Il governo pare ormai avviato alla presentazione di una proposta di legge delega di riforma del sistema fiscale che riprenda il cammino interrotto con la fine anticipata della scorsa legislatura. Un intervento di cui tutti avvertono la necessità, ma che ha fatto fatica a trovare uno sbocco concreto perché la materia si presta a visioni anche radicalmente diverse.

La sfida interviene proprio nel momento in cui fa il suo debutto una gigantesca ipotesi di ridisegno della fiscalità mondiale, quantomeno per le imprese di grande dimensione: la Global Minimum Tax (Gmt) quale strumento di attuazione del cosiddetto Pillar 2 di fonte Ocse. Ridisegno fatto proprio dall’Unione europea con la direttiva n. 2523 del 14 dicembre 2022 (entrata in vigore prevista per il 2024) di cui il governo è obbligato a tener conto già in sede di legge delega.

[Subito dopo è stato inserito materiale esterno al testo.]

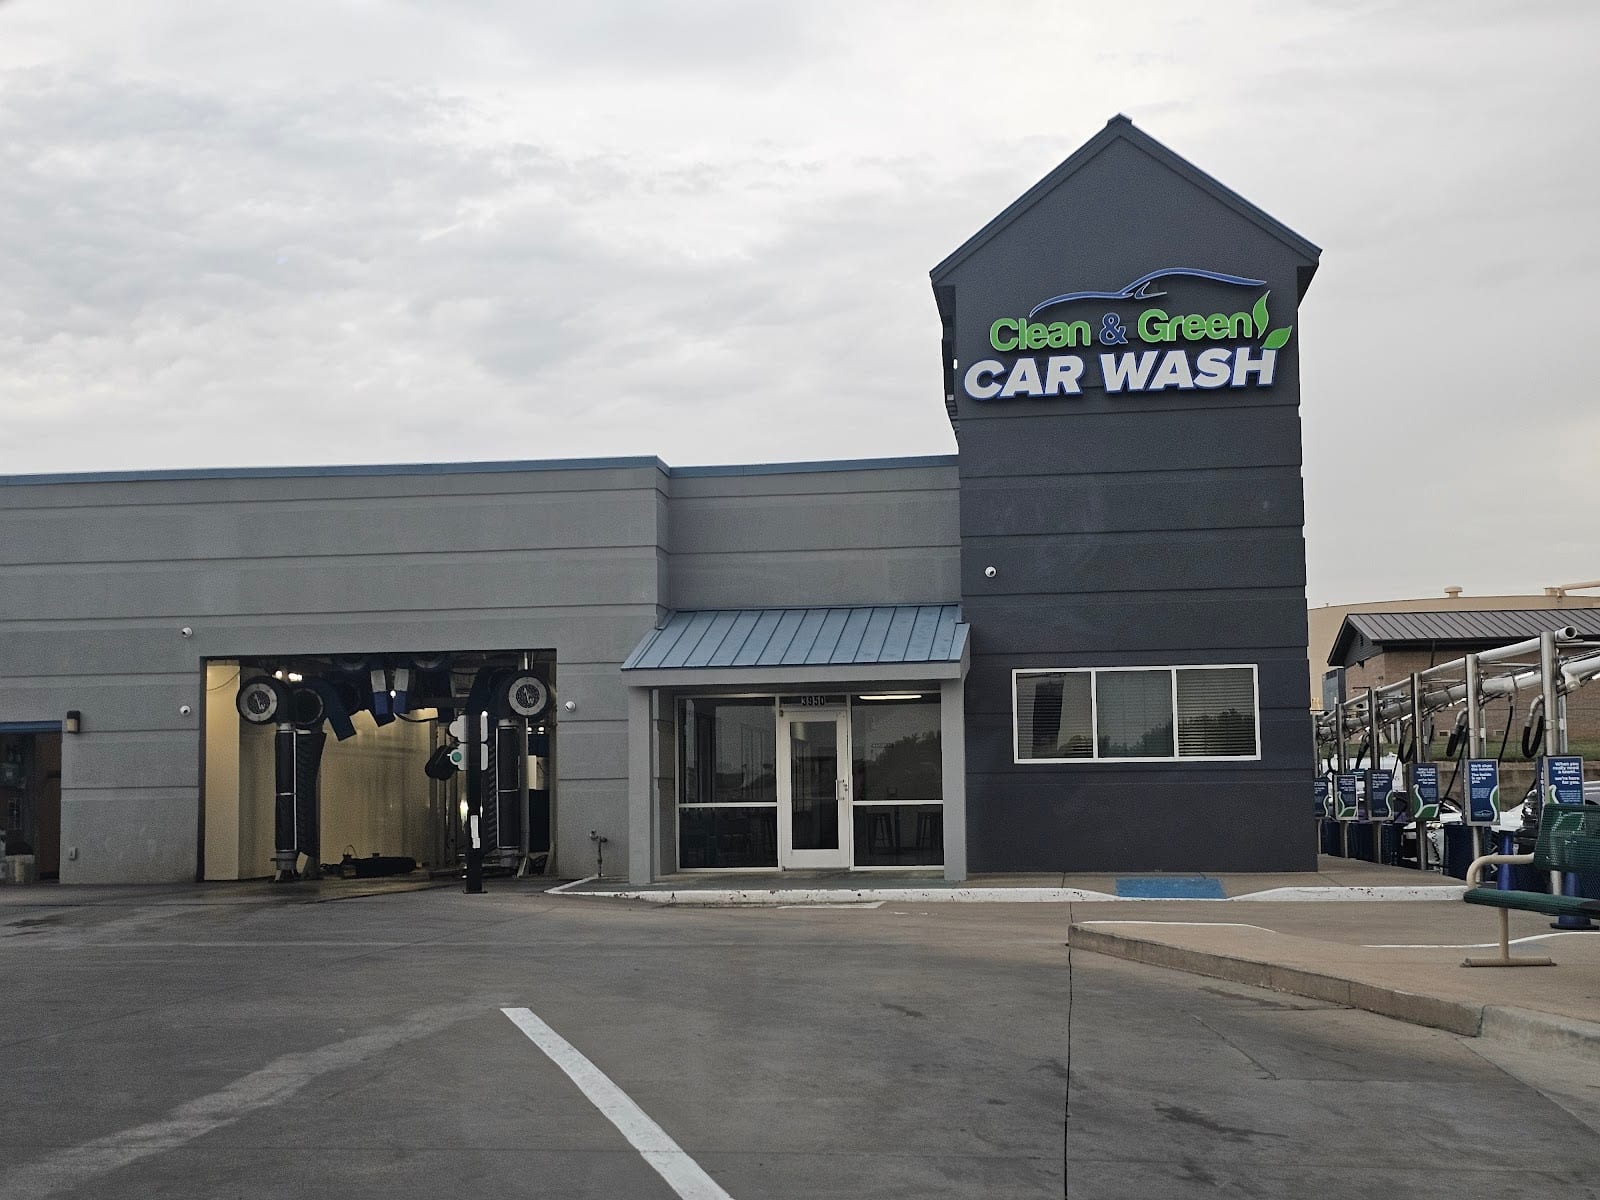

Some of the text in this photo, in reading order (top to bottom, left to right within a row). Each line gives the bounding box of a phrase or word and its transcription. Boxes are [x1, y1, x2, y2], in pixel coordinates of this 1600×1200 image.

[989, 308, 1252, 351] Clean & Green
[963, 347, 1278, 400] CAR WASH
[801, 695, 826, 706] 3950

La Gmt si applica solo alle imprese con fatturato annuo superiore a 750 milioni di euro. E, precisa la direttiva, tanto che siano multinazionali (operino, cioè, in più di un mercato), quanto che siano campioni solo nazionali (gruppi nazionali di larga scala). Si è voluto, così, evitare che le imprese comunitarie diffuse sui mercati internazionali si trovassero svantaggiate rispetto a quelle loro concorrenti per dimensione assoluta, ma operanti solo nel mercato domestico.

Come funziona

La Gmt si applica qualora le imprese di un ordinamento – per ipotesi: l’Italia – paghino un’imposta sul reddito inferiore al 15 per cento. Non rileva, a questi fini, l’aliquota nominale (in Italia del 24 per cento) ma solo quella effettiva (Afe). Anche il reddito non è l’imponibile dichiarato a fini Ires, ma quello risultante dal bilancio redatto con i principi Ifrs o, in Italia, Oic: il che vuol dire sfrondato delle rettifiche di carattere fiscale. La conseguenza è che risulterà ben possibile che fra abbattimenti del reddito imponibile (metti per patent box) e riduzioni dell’imposta (metti per Ace) il rapporto fra imponibile rettificato e imposta dovuta scenda al di sotto del 15 per cento. Ne deriverebbe la necessità di integrare la differenza fra l’aliquota effettiva e la Gmt dovuta (15 per cento). Ma chi la percepirebbe? Allo stato attuale, l’ordinamento in cui è insediata la capogruppo (Ultimate Parent Entity, Upe) della società italiana sottotassata (o lo stesso stato italiano per i campioni nazionali). Si potrebbe avere, cioè, un trasferimento netto di un’agevolazione garantita dallo stato italiano non già a favore dell’impresa coinvolta ma del fisco del paese della casa-madre. Si tratta, chiaramente di un disincentivo finalizzato a evitare – o quantomeno a ridurre – la concorrenza fiscale fra stati basata solo sulla corsa al ribasso (“race to the bottom”).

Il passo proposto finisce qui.